From here, a new menu will come up with a few options. To trim the video, add the start and end time that you want to use, and then close the box. There is no Save button; it’s automatically saved.

9. Autoplay videos

Trimming a video is great, but if you are using Slides for your digital signage, then you’ll want to be able to start a video automatically. To do this, follow the same steps above (right-click the video, select “Video options”); when the menu appears, select “Autoplay when presenting.”

10. Autoplay slide

Having a video play automatically is useful, but if you are using Slides for digital signage, then you’ll need the slides to automatically advance as well. This is easy to do. When you publish your presentation to the web (from the top menu “File” and “Publish to the web”), there’s an option to Auto-advance slides; change it to your desired time right before you publish the presentation (hint: you can change this later).

11. Host a Q&A

From Present mode, select the “Q & A” button; if this menu is hidden, just move your mouse.

Next, click the “Start new” button; if you are returning to the Q&A after you’ve turned it on, this button will change to “Continue.”

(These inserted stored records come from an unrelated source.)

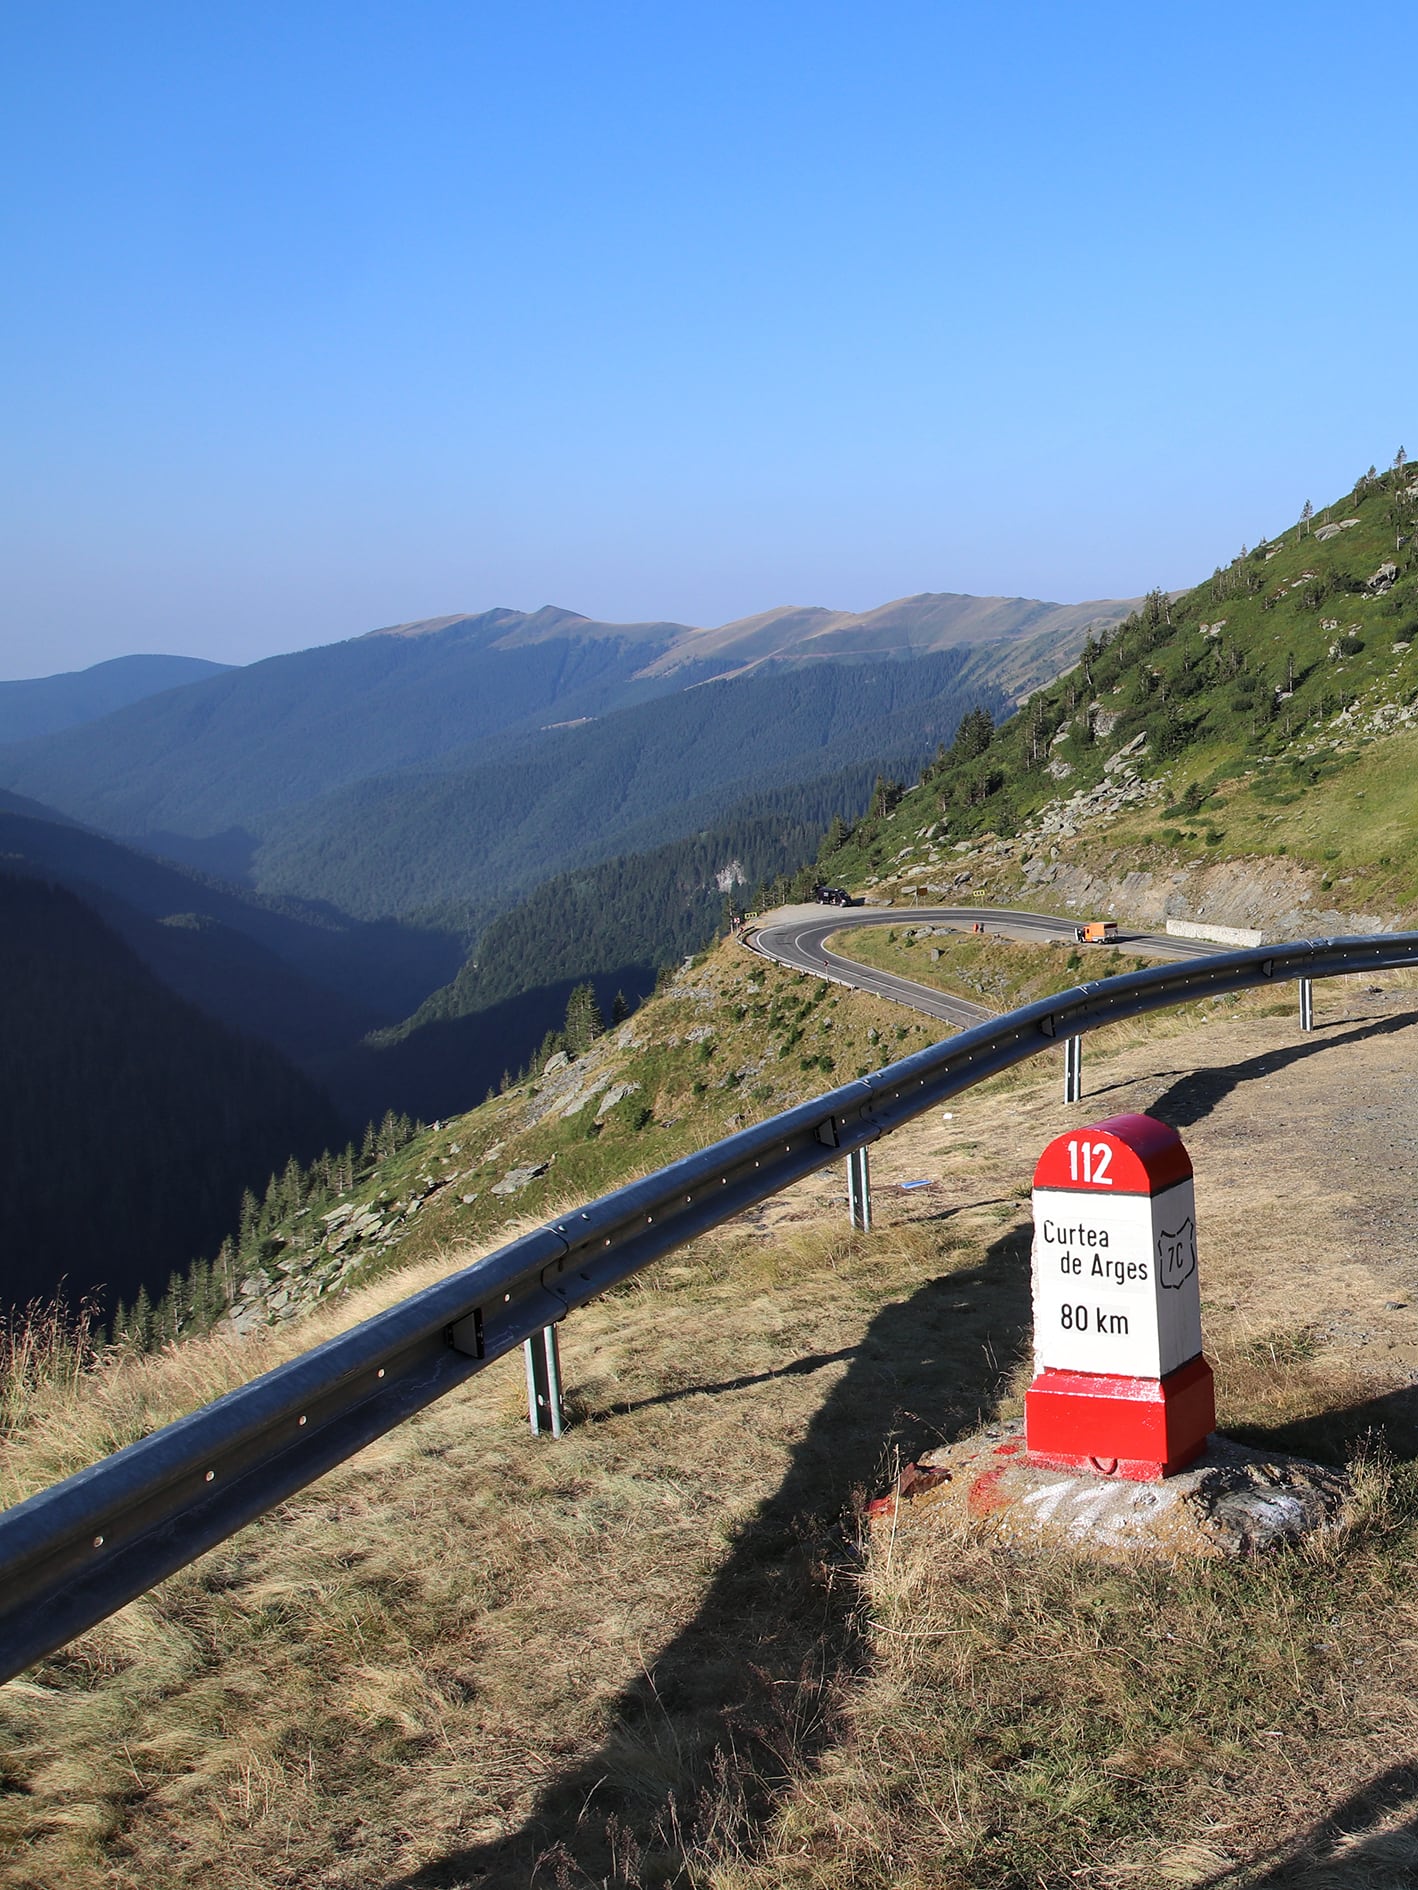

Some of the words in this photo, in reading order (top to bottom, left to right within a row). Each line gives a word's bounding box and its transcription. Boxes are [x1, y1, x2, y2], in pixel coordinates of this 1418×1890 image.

[1067, 1140, 1113, 1185] 112
[1043, 1219, 1109, 1248] Curtea
[1060, 1250, 1082, 1275] de
[1091, 1252, 1148, 1285] Arges
[1167, 1241, 1184, 1273] 7C
[1060, 1303, 1088, 1331] 80
[1096, 1306, 1129, 1335] km
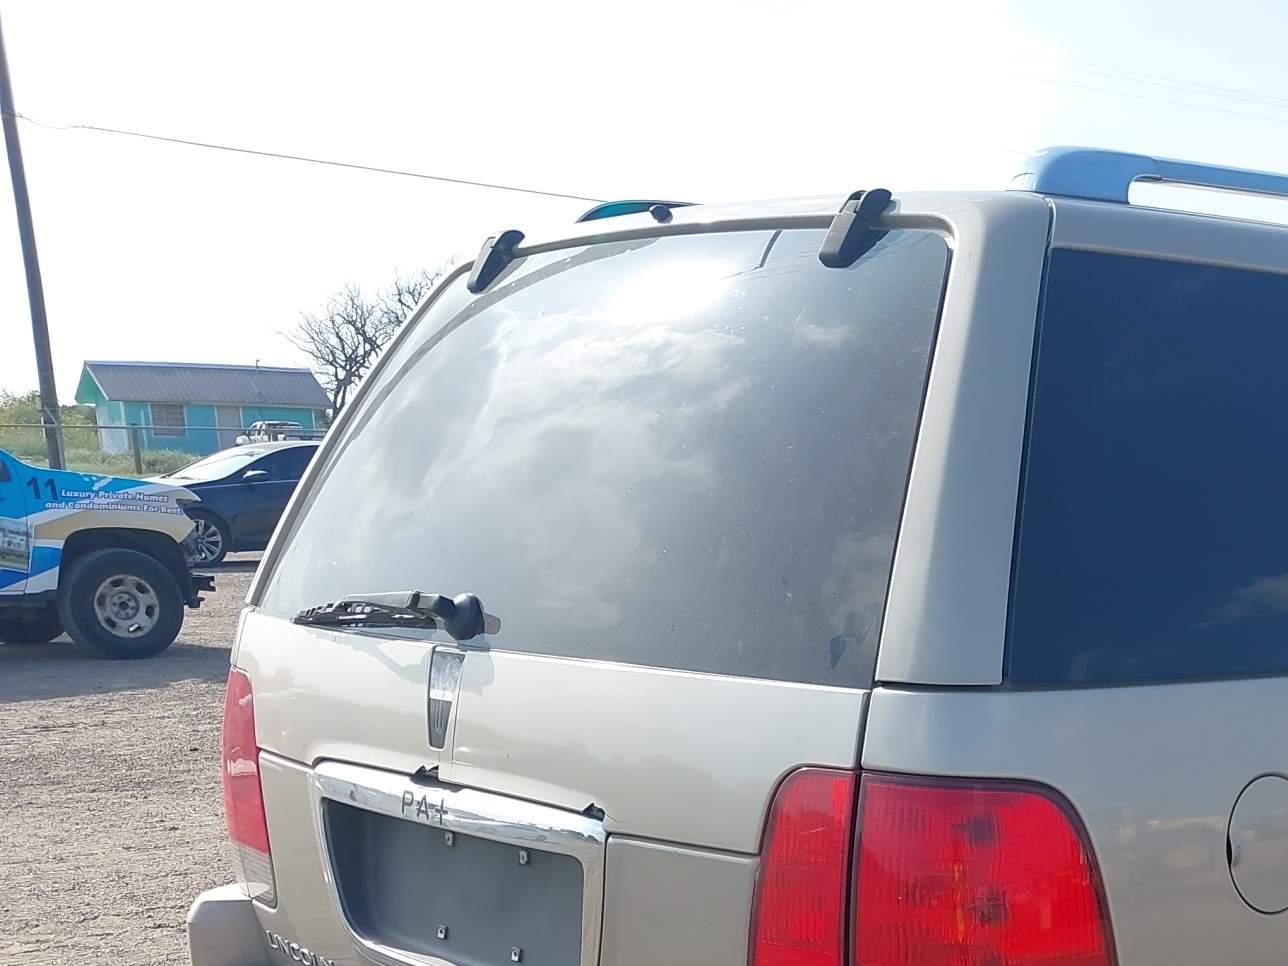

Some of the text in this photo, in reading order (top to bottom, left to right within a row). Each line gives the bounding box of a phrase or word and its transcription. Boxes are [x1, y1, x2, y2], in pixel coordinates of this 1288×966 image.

[61, 489, 169, 502] Luxury Private Homes
[45, 501, 66, 509] and
[68, 502, 141, 511] Condominiums
[143, 504, 159, 513] For

The link for the Q&A will appear; copy that so you can display it on your presentation later. If you no longer want to accept questions, just toggle On to Off.

When a user goes to the Q&A, it will look like the below (tip: this is unmoderated; this means there is nothing to stop someone from anonymously posting whatever they want; if this is a feature you want to use, you’ll want to police it often).

12. Link Google Sheets

Just as you can link to other Presentations, you can also link to other Google Sheets. This is a powerful feature if you are displaying Charts or Tables on your digital signage that are regularly updated with new content. Pasting in a Sheet is similar to pasting in a slide. right-click on the slide and select “Paste” then in the option menu, select “Link to spreadsheet.”

To link to a chart, go to the top menu and select Insert > Chart > From sheets.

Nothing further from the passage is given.